WO 00/42072 (Presta, L.) discloses antibodies with enhanced ADCC function in the presence of human effector cells, wherein the antibodies comprise amino acid substitutions in their Fe region. Preferably, the antibody with enhanced ADCC comprises substitutions in the positions 298, 333 and / or 334 of the Fe region. Preferably, the altered Fe region is a human IgGl Fe region comprising or consisting of substitutions in one, two or three of these positions.
Antibodies with altered Clq bond and / or "complement dependent cytotoxicity (CDC)" are described in W099 / 51642, U.S. Patent No. 6,194,551B1, U.S. Patent No. 6,242,195B1, U.S. Patent No. 6,528 , 624B1 and U.S. Patent No. 6,538,124 (Idusdgie et al.) The antibodies comprise an amino acid substitution at one or more of amino acid positions 270, 322, 326, 327, 329, 313, 333 and / or 334 of its Fe region.
To increase the serum half-life of the antibody, a recovery receptor binding epitope can be incorporated into the antibody (especially an antibody fragment) as described in U.S. Pat.
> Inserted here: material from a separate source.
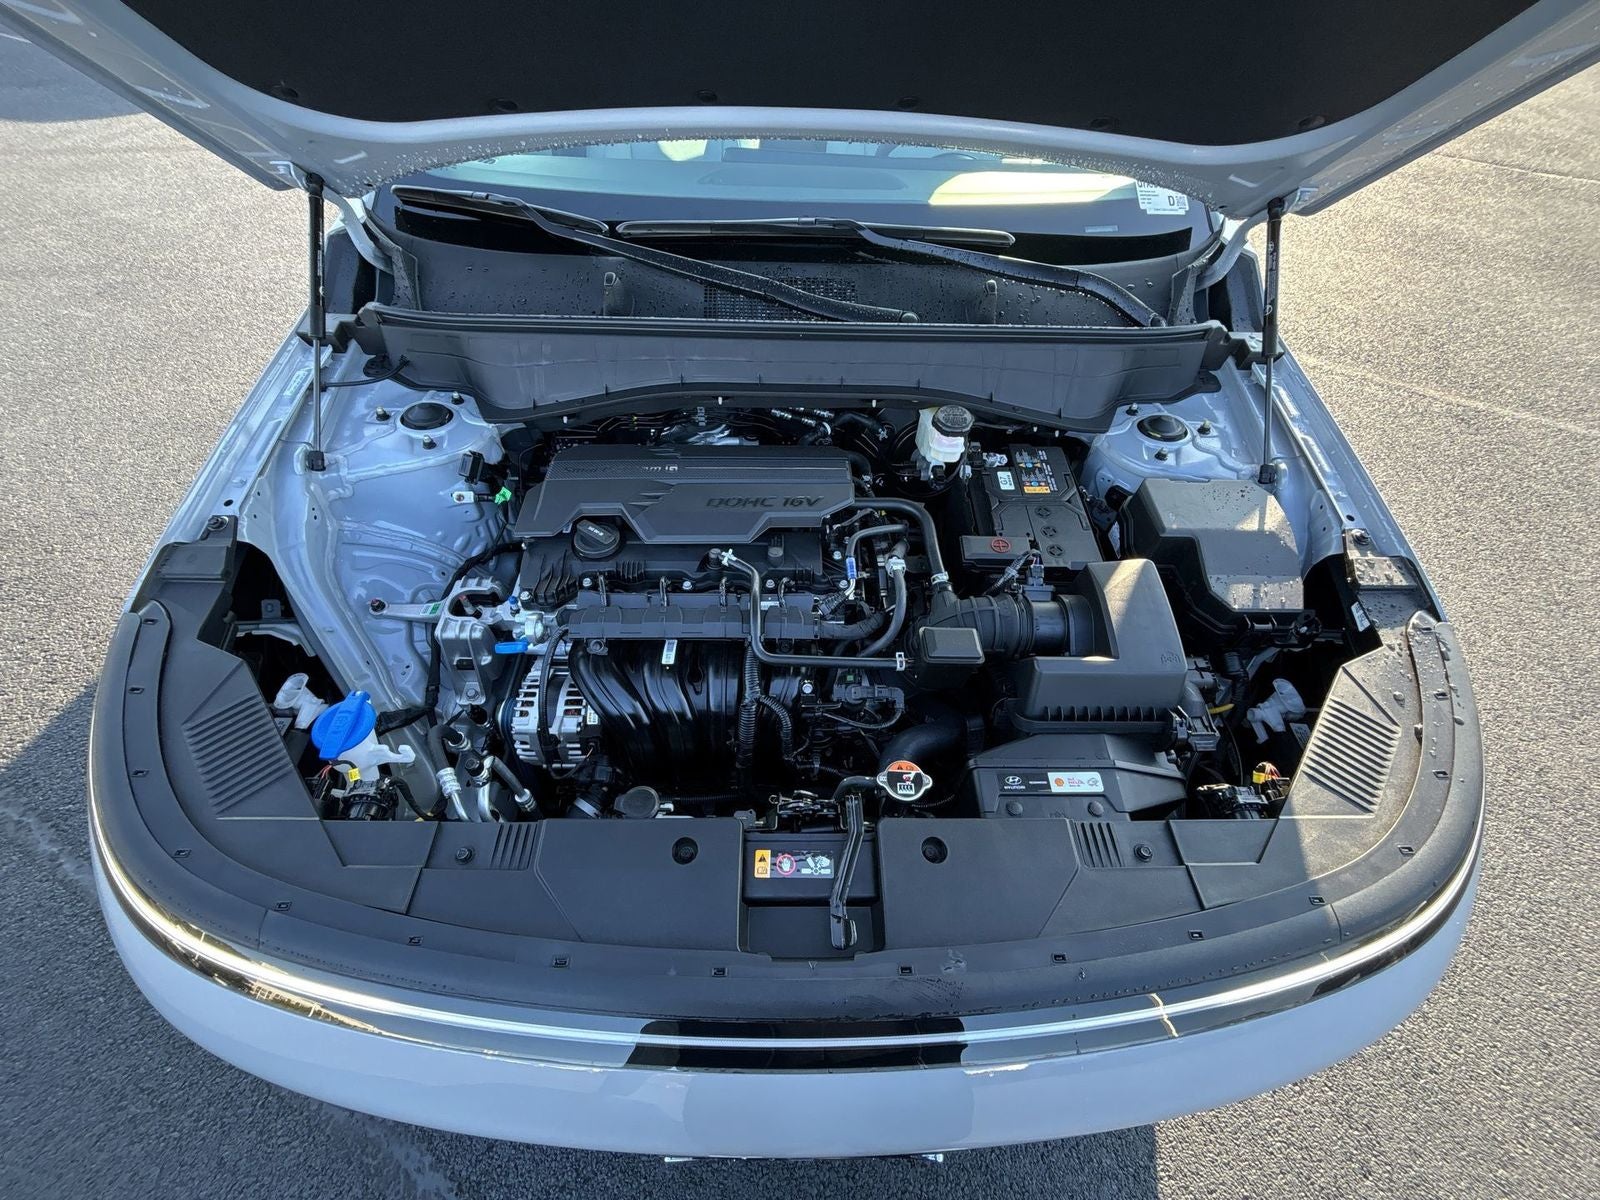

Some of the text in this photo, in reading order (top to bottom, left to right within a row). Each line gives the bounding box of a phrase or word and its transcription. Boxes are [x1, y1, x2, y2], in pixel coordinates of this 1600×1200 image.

No. 5,739,277, for example. As used herein, the term "recovery receptor binding epitope" refers to an epitope of the Fe region of an IgG molecule (eg, IgGi, IgG2, IgG3, or IgG4) that is responsible for increasing the serum half-life. in vivo of the IgG molecule. Antibodies with substitutions in their Fe region and increased serum half-lives are also described in WO00 / 42072 (Presta, L.).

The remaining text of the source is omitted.